Run the same command again, but this time we restrict the number of trajectories to 1, and also to make sure the resulting PDB of this run does not overwrite the previous results, we give this run a prefix "long_loop."
~/Rosetta/source/bin/remodel.linuxgccrelease -s 1pgaA_0001.pdb -blueprint template.blueprint -jd2:no_output -num_trajectory 1 -save_top 1 -out:prefix long_loop -remodel:quick_and_dirty
The first two new flags allows you to control the number of trajectories and the number of best ranked results to output. The third one assigns a prefix to the output.  The last one skips high-resolution refinement steps.

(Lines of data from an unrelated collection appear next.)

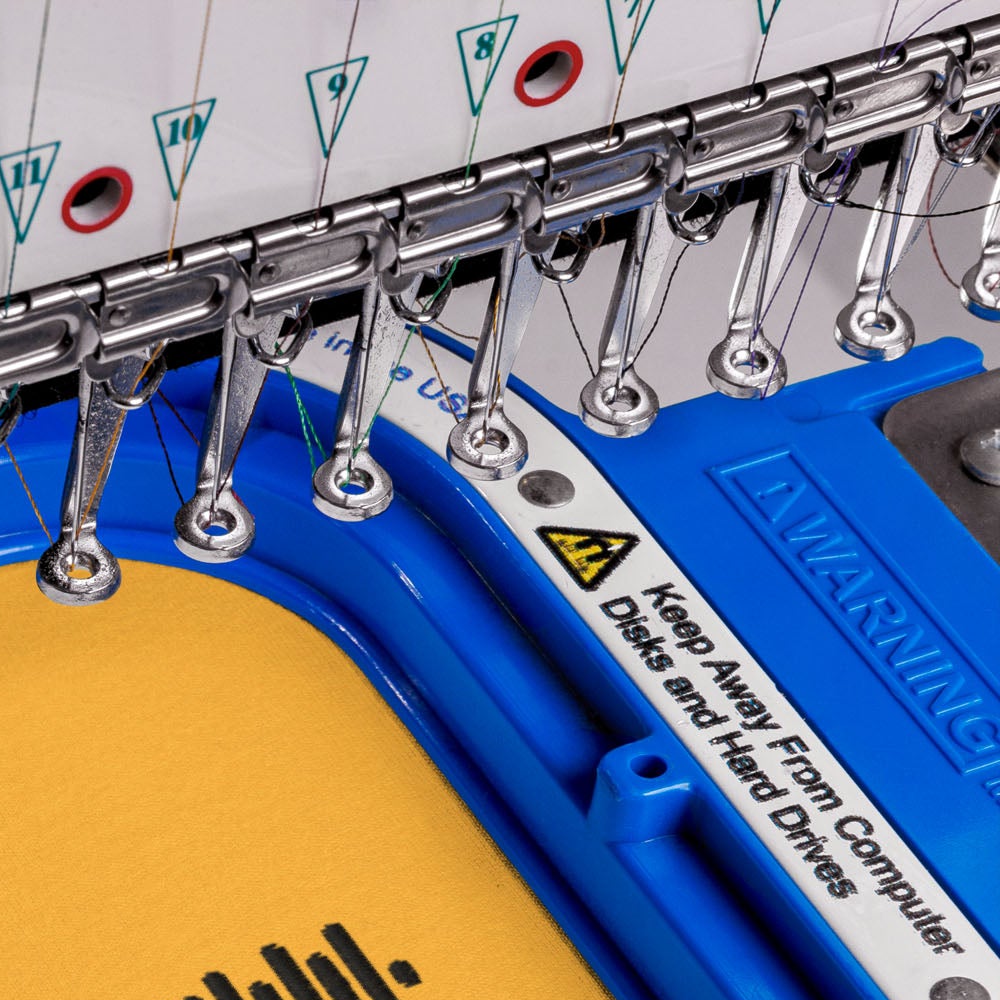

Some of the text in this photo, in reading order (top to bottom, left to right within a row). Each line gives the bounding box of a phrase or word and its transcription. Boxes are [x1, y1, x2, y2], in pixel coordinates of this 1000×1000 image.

[473, 31, 497, 61] 8
[327, 72, 348, 102] 9
[164, 112, 205, 149] 10
[9, 155, 44, 191] 11
[416, 376, 469, 420] US
[783, 510, 1000, 755] WARNING
[598, 594, 860, 901] Disks and Hard Drives
[641, 581, 967, 957] Keep Away From Computer

You will get a result called "long_loop_1.pdb" if Remodel can build the loop with no problem.
[TASK3] MODIFY LOOPS  -- shorter loops
First make a copy of the blueprint file so we don't lose the previous version

cp template.blueprint short.bp

Now try changing your blueprint assignment for the region to:
20 A L
22 D L

Run the same command again, but change the blueprint to the new copy, short.bp, and change the prefix to short_loop
~/Rosetta/source/bin/remodel.linuxgccrelease -s 1pgaA_0001.pdb -blueprint short.bp -jd2:no_output -num_trajectory 1 -save_top 1 -out:prefix short_loop -remodel:quick_and_dirty

It is very likely that the program can not complete the task.  It is because you can not randomly delete residues and expect the gap to be filled.  Now let's try to allow more residues in the region to move

17 T L
18 T L
19 E L
20 A L
22 D L
23 A L
24 A L
25 T L

Try the command again and see what happens. 

If the run is successful, you will get a pdb file "short_loop_1.pdb".   
Now if you check the number of residues in either long_loop_1.pdb or short_loop_1.pdb, they should agree with the number of lines in each respective blueprint file.  This allows you to not having to do the math for changing the length of a protein.

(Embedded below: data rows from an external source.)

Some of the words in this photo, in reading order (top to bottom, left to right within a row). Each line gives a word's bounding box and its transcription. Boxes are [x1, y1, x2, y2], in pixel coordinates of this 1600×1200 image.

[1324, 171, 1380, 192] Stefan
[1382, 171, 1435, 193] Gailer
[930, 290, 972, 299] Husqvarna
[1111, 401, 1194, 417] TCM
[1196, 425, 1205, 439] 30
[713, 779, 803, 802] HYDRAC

Let's make a new blueprint file, this time call it disulf.bp

 ~/Downloads/ -pdbfile 1pgaA_0001.pdb > disulf.bp

We are going to treat this file a little differently.  We are going to assign every position in this file, by replacing all of the dots "." to either H, E, or L.  They will all behave exactly the same way regardless of what you use because we are going to bypass the low-resolution building stage. These assignments are then just to tell the program to include them when scanning for disulfide forming pairs.

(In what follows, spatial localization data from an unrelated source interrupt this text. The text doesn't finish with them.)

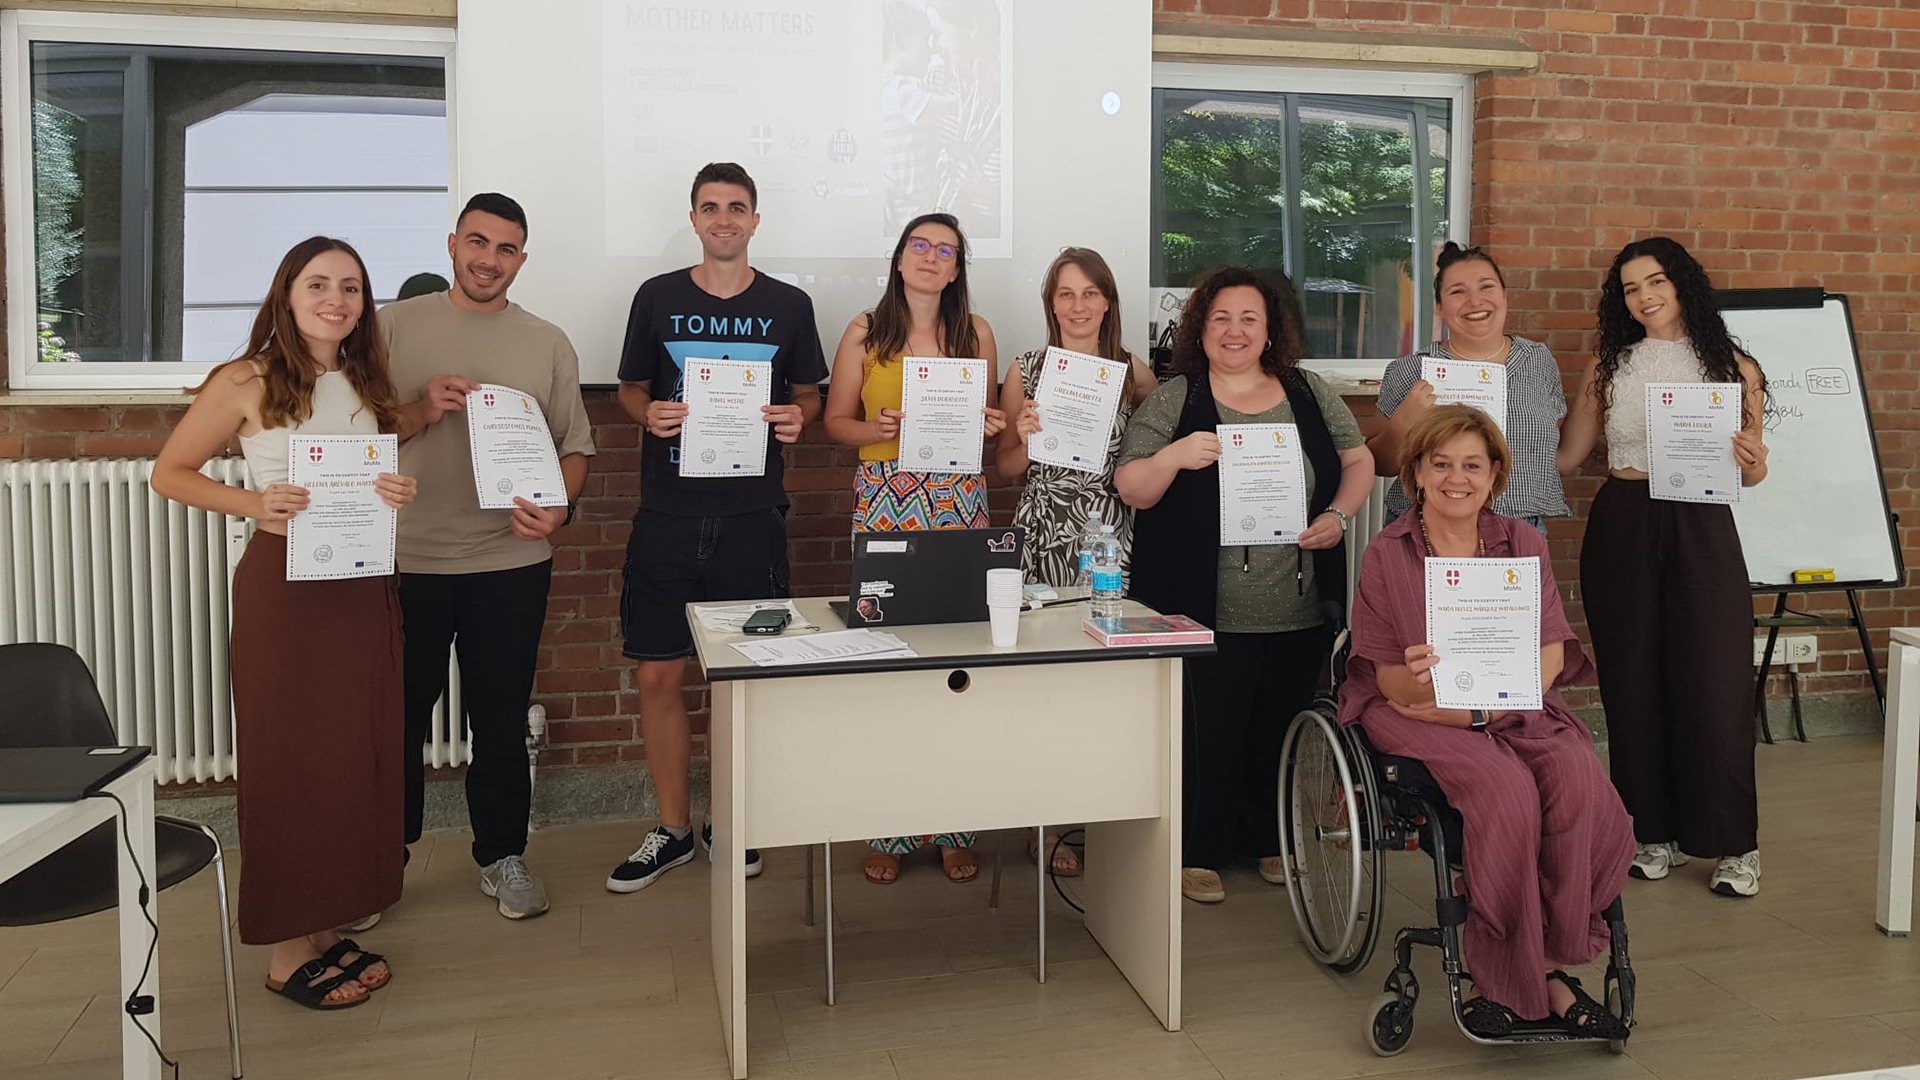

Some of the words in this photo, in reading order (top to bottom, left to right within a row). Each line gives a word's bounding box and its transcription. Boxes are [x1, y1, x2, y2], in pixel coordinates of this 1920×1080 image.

[626, 4, 713, 33] MOTHER
[721, 10, 815, 36] MATTERS
[834, 132, 852, 142] LET
[834, 143, 853, 153] HER
[670, 315, 773, 337] TOMMY
[1808, 374, 1843, 389] FREE

run the same command as previously, but we now  change again the prefix and add three new flags to handle disulfides
~/Rosetta/source/bin/remodel.linuxgccrelease -s 1pgaA_0001.pdb -blueprint disulf.bp -jd2:no_output -num_trajectory 1 -save_top 1 -out:prefix disulfide -remodel:quick_and_dirty -build_disulf -match_rt_limit 1 -bypass_fragments 

-build_disulf turns on the disulfide building mode
-match_rt_limit 1 defines the threshold for a disulfide match to 1 Å rmsd
-bypass_fragments because we only want to scan a fixed structure for disulfides.  This step skips low-resolution building.